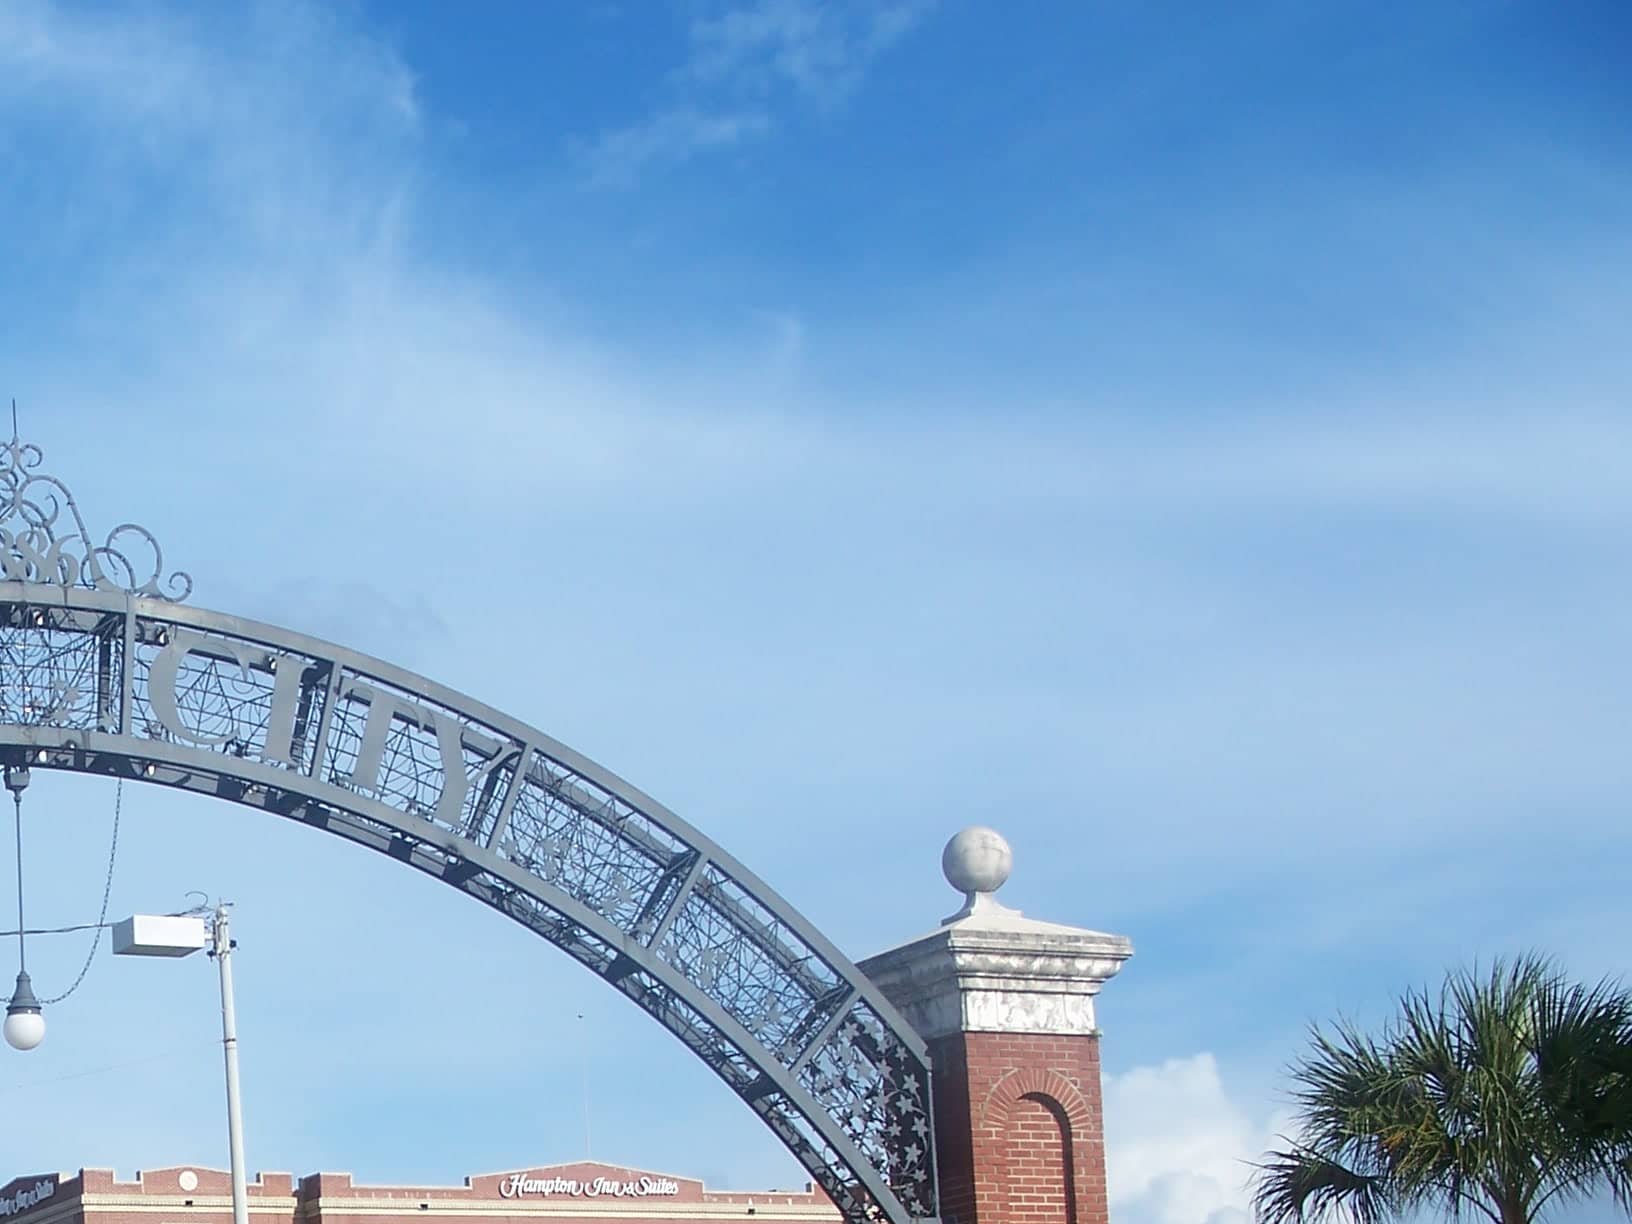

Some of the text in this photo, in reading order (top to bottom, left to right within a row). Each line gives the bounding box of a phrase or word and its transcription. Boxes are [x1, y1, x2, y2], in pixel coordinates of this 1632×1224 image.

[148, 630, 520, 828] CITY
[500, 1174, 584, 1198] Hampton
[584, 1176, 625, 1197] Inn
[635, 1176, 679, 1195] Suites
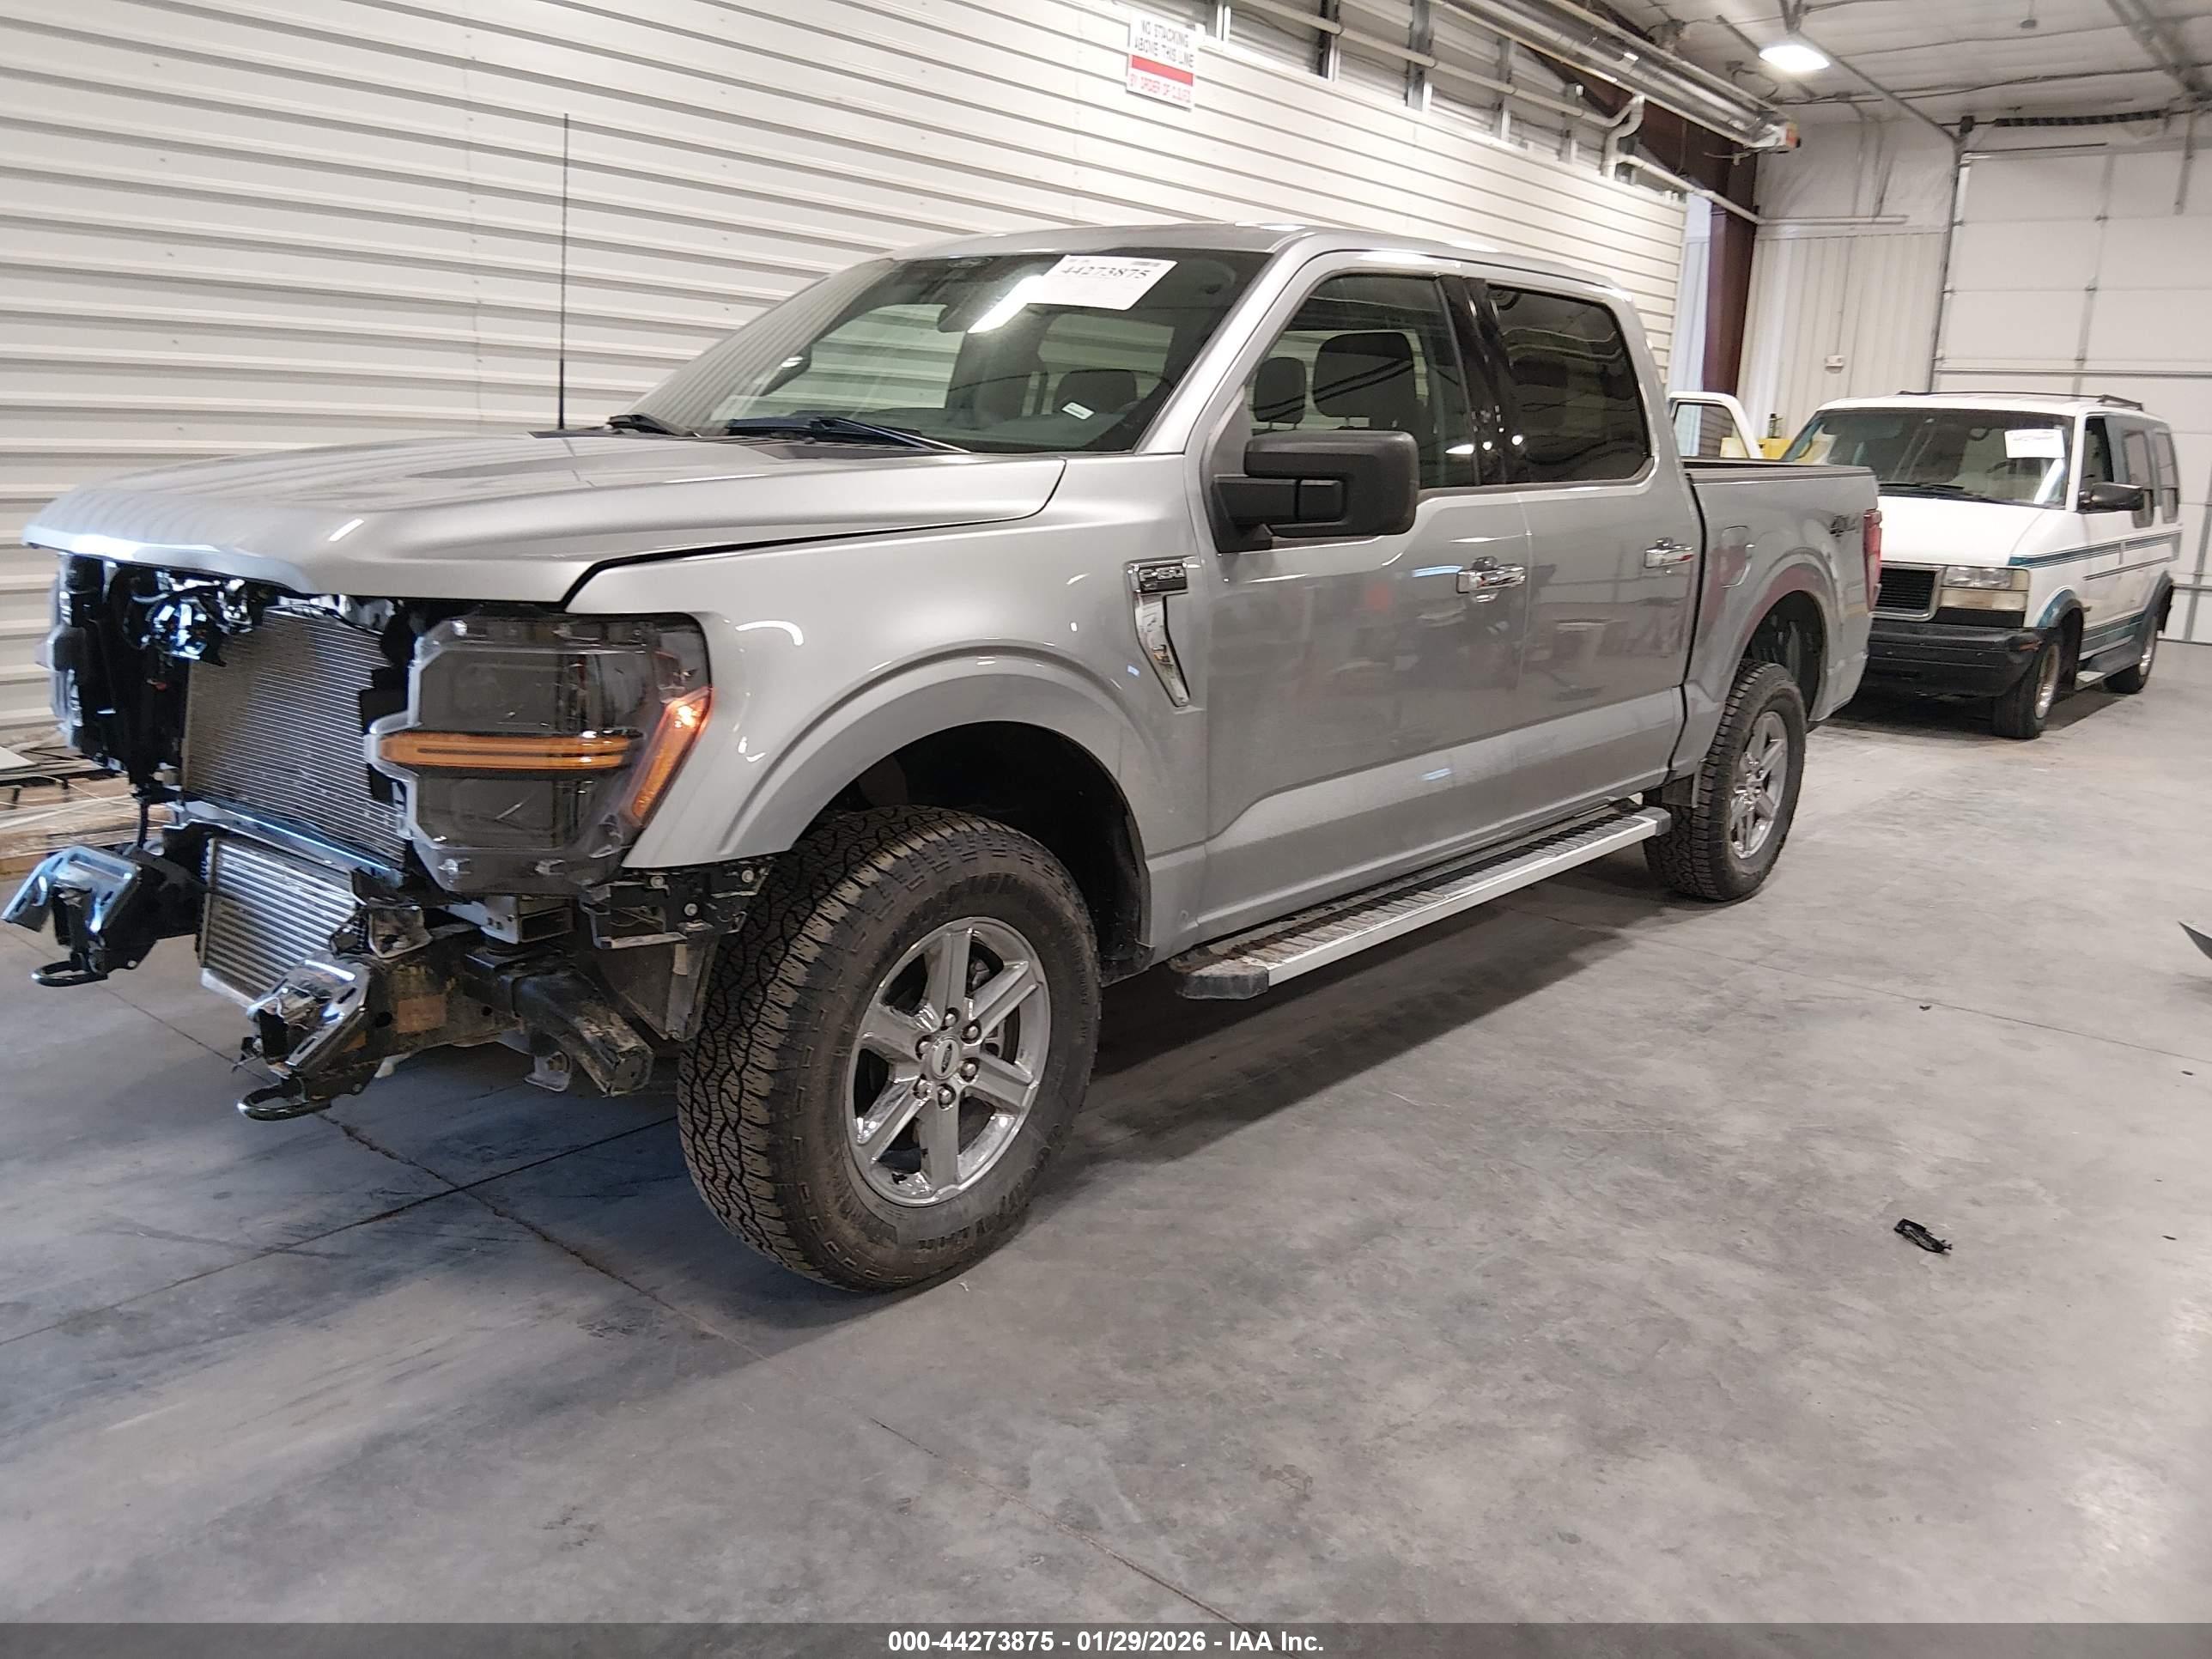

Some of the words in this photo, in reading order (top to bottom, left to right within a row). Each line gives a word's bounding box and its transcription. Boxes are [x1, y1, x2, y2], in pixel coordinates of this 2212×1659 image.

──────────────────────────────

Exercise details:
Every entry above needs to be printed again exactly, with its pictures left out.

The completed task:
Some of the text in this photo, in reading order (top to bottom, left to right within a row). Each line gives the bounding box of a phrase or word and its transcription. Boxes are [x1, y1, x2, y2], in pixel coordinates of this 1632×1224 image.

[148, 630, 520, 828] CITY
[500, 1174, 584, 1198] Hampton
[584, 1176, 625, 1197] Inn
[635, 1176, 679, 1195] Suites

Some of the words in this photo, in reading order (top to bottom, left to right within a row). Each line gives a word's bounding box and its transcription. Boxes are [x1, y1, x2, y2], in pixel coordinates of this 2212×1659 image.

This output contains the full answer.